Message par jbvel le Lun 13 Sep 2010 - 4:50

Les Triplettes de Belleville

Pour distraire Champion, sa grand-mère lui achète d'abord un chien, Bruno. Ensuite, comme le chien ne parvient pas à le dérider, elle lui achète un train électrique. Peine perdue, le garçon est toujours aussi mélancolique. Finalement, en rangeant la chambre de Champion, Madame Souza découvre un livre avec des photos de cyclistes. Elle décide donc de lui acheter un triporteur et, l'enfant se révélant enfin passionné par quelque chose, après quelques années d'entraînement, il concourt sur les routes du Tour de France. Néanmoins, Champion se retrouve à la traîne, épuisé, et se fait enlever par de mystérieux hommes tout de noir vêtus qui l'emmènent, ainsi que deux autres concurrents, de l'autre côté de l'Atlantique.

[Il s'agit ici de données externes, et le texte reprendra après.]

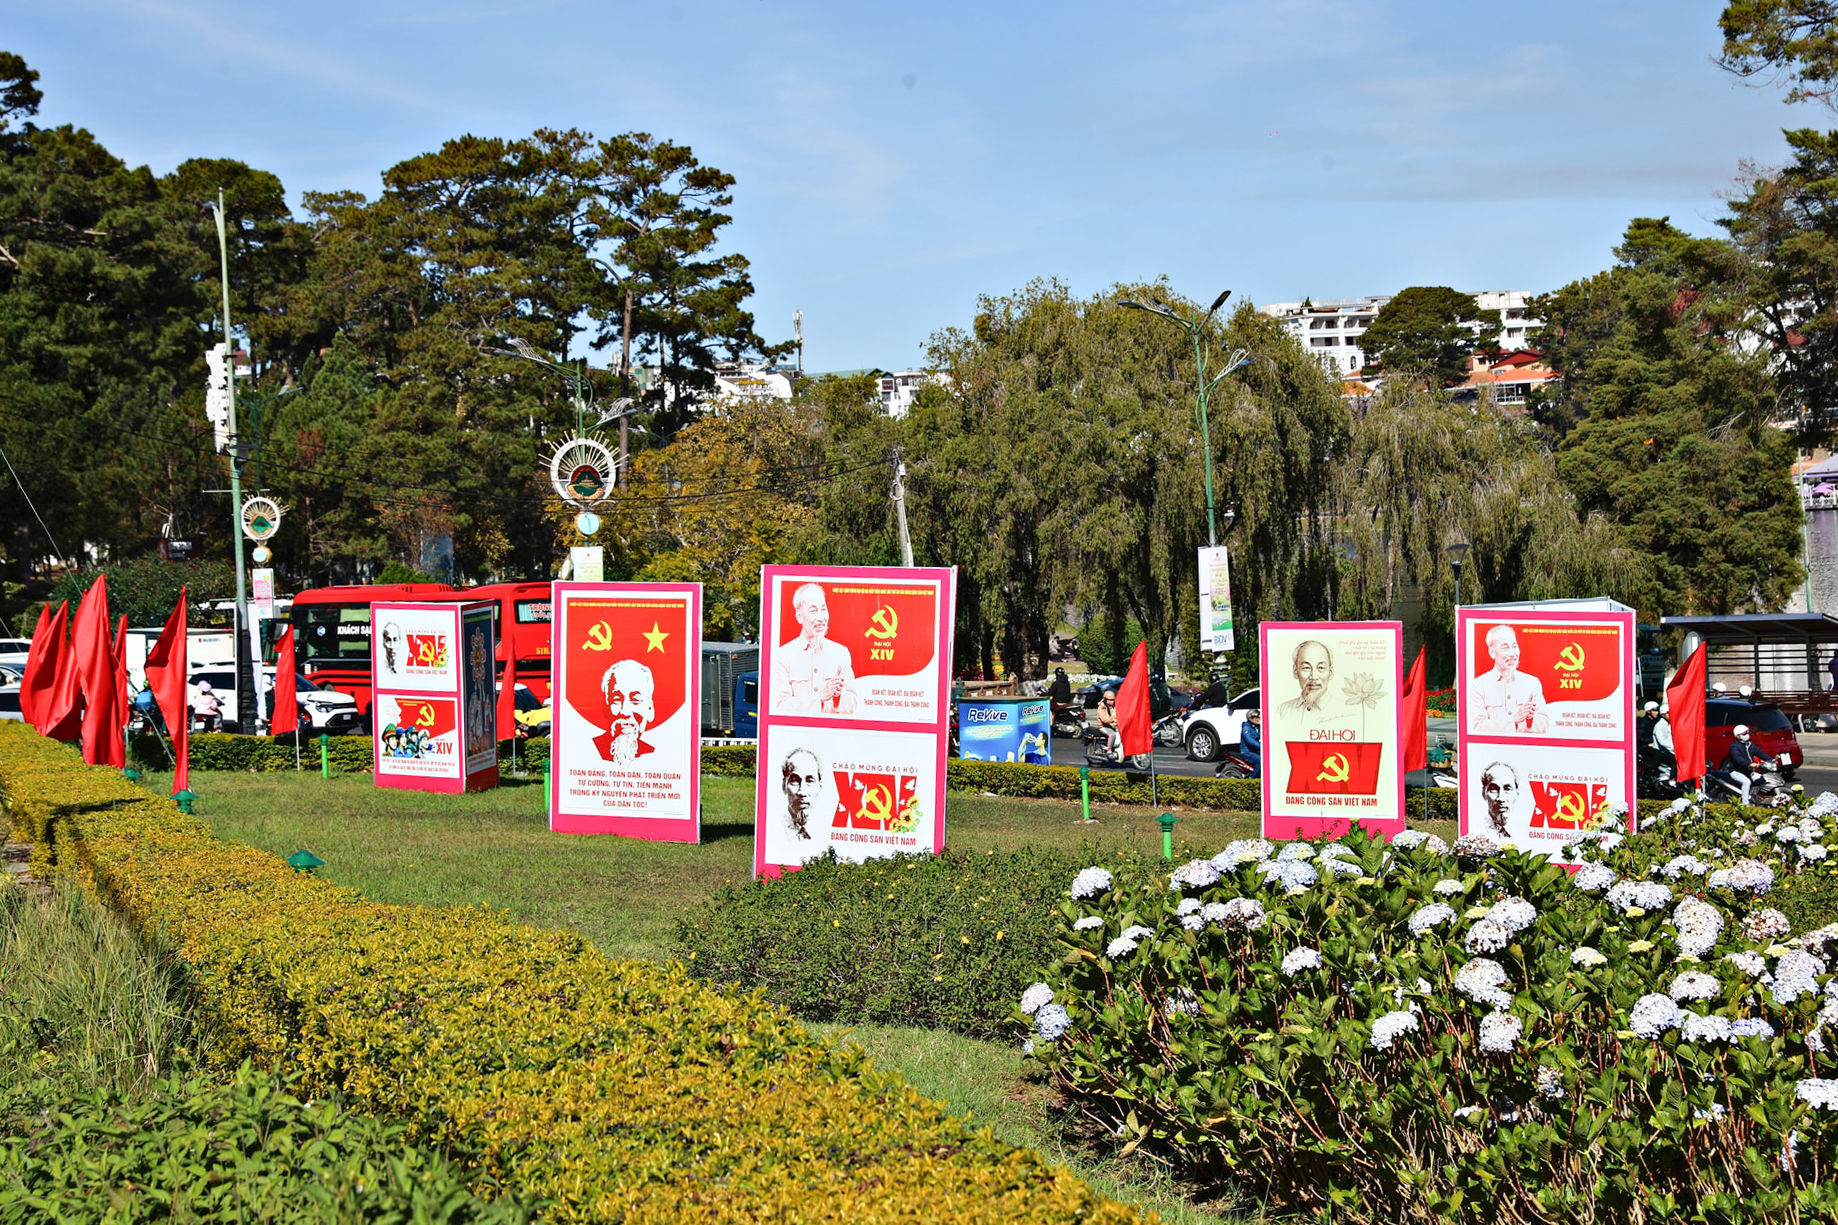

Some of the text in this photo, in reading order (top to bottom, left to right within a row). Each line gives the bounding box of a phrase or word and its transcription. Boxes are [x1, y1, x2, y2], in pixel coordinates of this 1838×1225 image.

[337, 624, 360, 634] KHÁCH
[870, 648, 894, 660] XIV
[1560, 679, 1582, 689] XIV
[436, 742, 453, 754] XIV
[1362, 798, 1377, 806] NAM
[900, 838, 916, 846] NAM
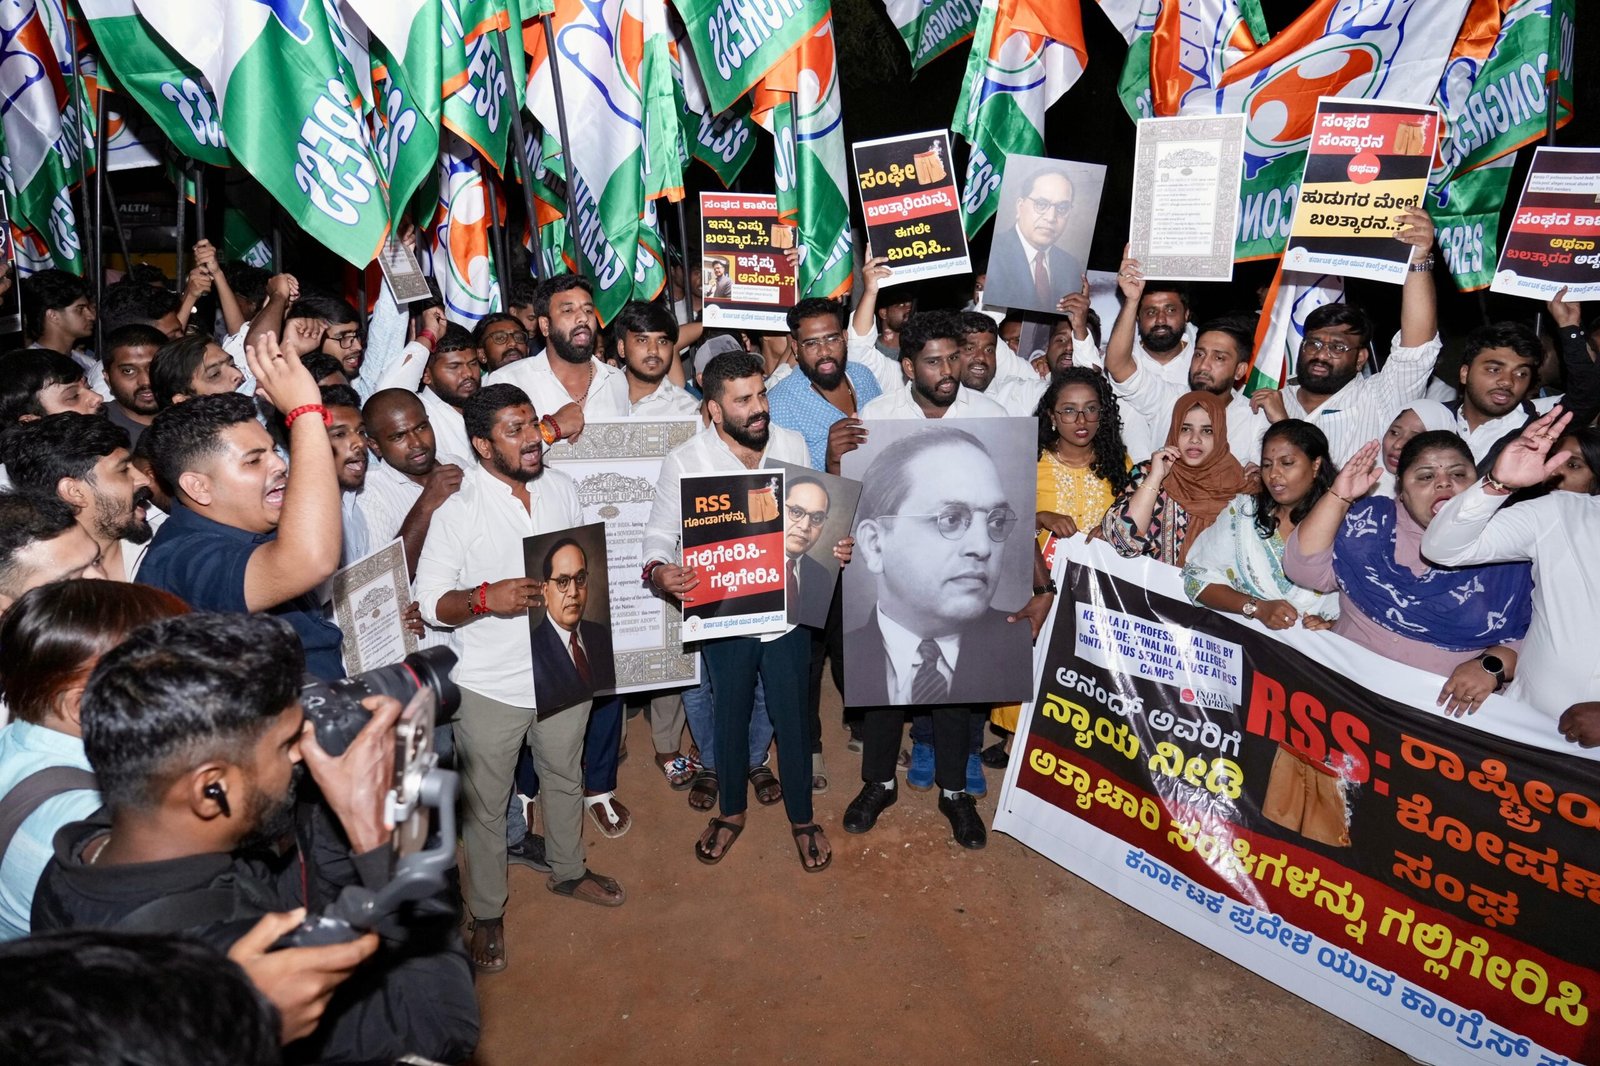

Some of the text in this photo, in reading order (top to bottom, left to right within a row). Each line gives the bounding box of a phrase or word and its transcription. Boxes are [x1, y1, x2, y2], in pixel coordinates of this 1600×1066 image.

[1321, 113, 1370, 131] ಸಂಘದ
[704, 200, 740, 211] ಸಂಘದ
[1302, 190, 1370, 208] ಹುಡುಗರ
[1517, 212, 1570, 228] ಸಂಘದ
[895, 223, 931, 238] ಈಗಲೇ
[1550, 237, 1595, 251] ಅಥವಾ
[695, 494, 732, 513] RSS
[1223, 647, 1234, 659] BY
[1140, 663, 1174, 681] CAMPS
[1056, 666, 1144, 717] ಆನಂದ್
[1042, 693, 1142, 760] ನ್ಯಾಯ
[1149, 708, 1242, 757] ಅವರಿಗೆ
[1246, 670, 1392, 797] RSS:
[1149, 741, 1244, 800] ನೀಡಿ
[1028, 746, 1161, 831] ಅತ್ಯಾಚಾರಿ
[1379, 906, 1589, 1026] ಗಲ್ಲಿಗೇರಿಸಿ
[1392, 850, 1520, 928] ಸಂಘ
[1125, 849, 1531, 1058] ಕರ್ನಾಟಕ ಪ್ರದೇಶ ಯುವ ಕಾಂಗ್ರೆಸ್

Pour retrouver son petit-fils, Madame Souza n'hésite pas à traverser l'Océan sur un pédalo jusqu'à la lointaine Belleville. Arrivée aux États-Unis, elle se retrouve sans le sou, mais fait la rencontre (en musique et en chanson) de trois vieilles dames, les Triplettes de Belleville. Les Triplettes emmènent Mme Souza dans leur appartement, puis la font participer à l'un de leurs spectacles en tant que musicienne. Pendant ce spectacle, Mme Souza aperçoit des membres de la Mafia Française, qui ressemblent étrangement aux hommes qui ont enlevé Champion. Aidée par les Triplettes, elle parvient à les suivre et à libérer son petit-fils après une course-poursuite homérique.



Au début, on découvre des images en noir et blanc rayées de cordes verticales, comme les vieux films du temps du muet. Il s'agit de l'écran d'une télé de la fin des années 50, époque où se déroule le film. On voit trois chanteuses, les triplettes de Belleville accomplissant leur numéro sur la scène d'un Music Hall. Au passage on voit défiler les bouilles de Charles Trenet, Django Reinhardt, Jacques Tati, Joséphine Baker. L'écran se brouille et on entend : « veuillez nous excuser pour cette interruption ». La caméra recule et on entre dans une histoire racontée en couleurs cette fois, sur un rythme endiablé. Celle de Madame Souza, la grand-mère affligée d'un pied bot (qui lui sera bien utile à la fin du film) et de Champion, son petit-fils passionné par le cyclisme.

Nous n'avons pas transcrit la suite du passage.